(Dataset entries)
------------------------------------------------------------

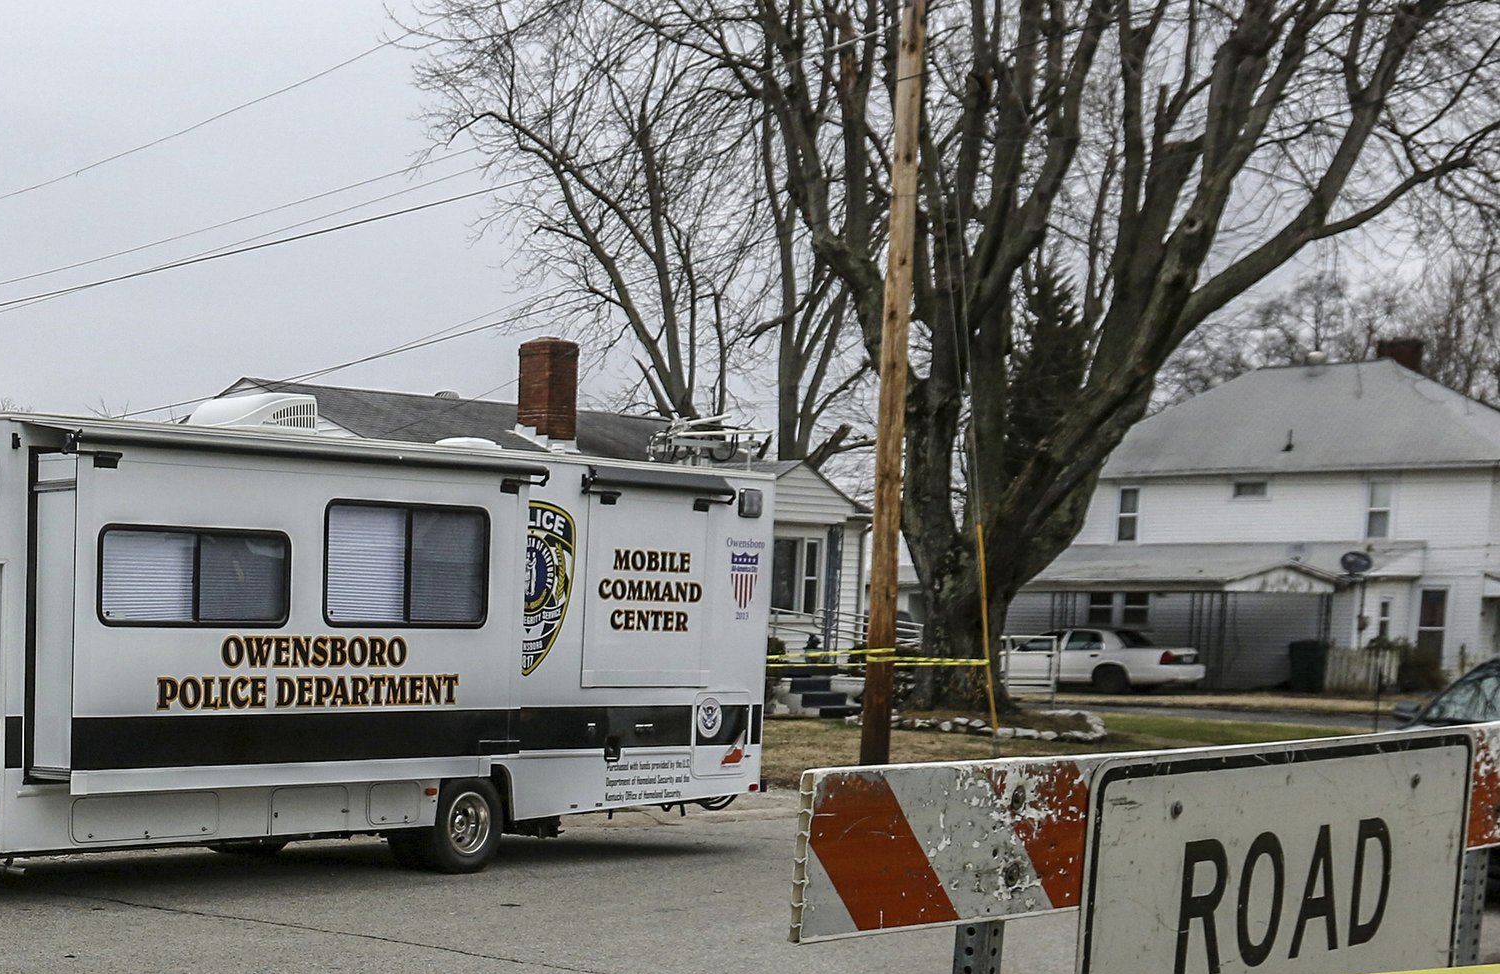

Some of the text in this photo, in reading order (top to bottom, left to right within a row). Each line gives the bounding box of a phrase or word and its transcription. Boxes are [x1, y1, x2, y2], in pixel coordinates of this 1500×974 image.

[613, 549, 691, 573] MOBILE
[598, 578, 702, 603] COMMAND
[610, 609, 688, 632] CENTER
[220, 635, 407, 668] OWENSBORO
[156, 674, 459, 711] POLICE DEPARTMENT

------------------------------------------------------------

▶ [WORK INSTRUCTION] Please copy the data above exactly; the pictures do not belong in the copy.

▶ [SOLUTION TO THE PROBLEM]
Some of the text in this photo, in reading order (top to bottom, left to right within a row). Each line gives the bounding box of a phrase or word and its transcription. Boxes are [x1, y1, x2, y2], in pixel coordinates of this 1500×974 image.

[613, 549, 691, 573] MOBILE
[598, 578, 702, 603] COMMAND
[610, 609, 688, 632] CENTER
[220, 635, 407, 668] OWENSBORO
[156, 674, 459, 711] POLICE DEPARTMENT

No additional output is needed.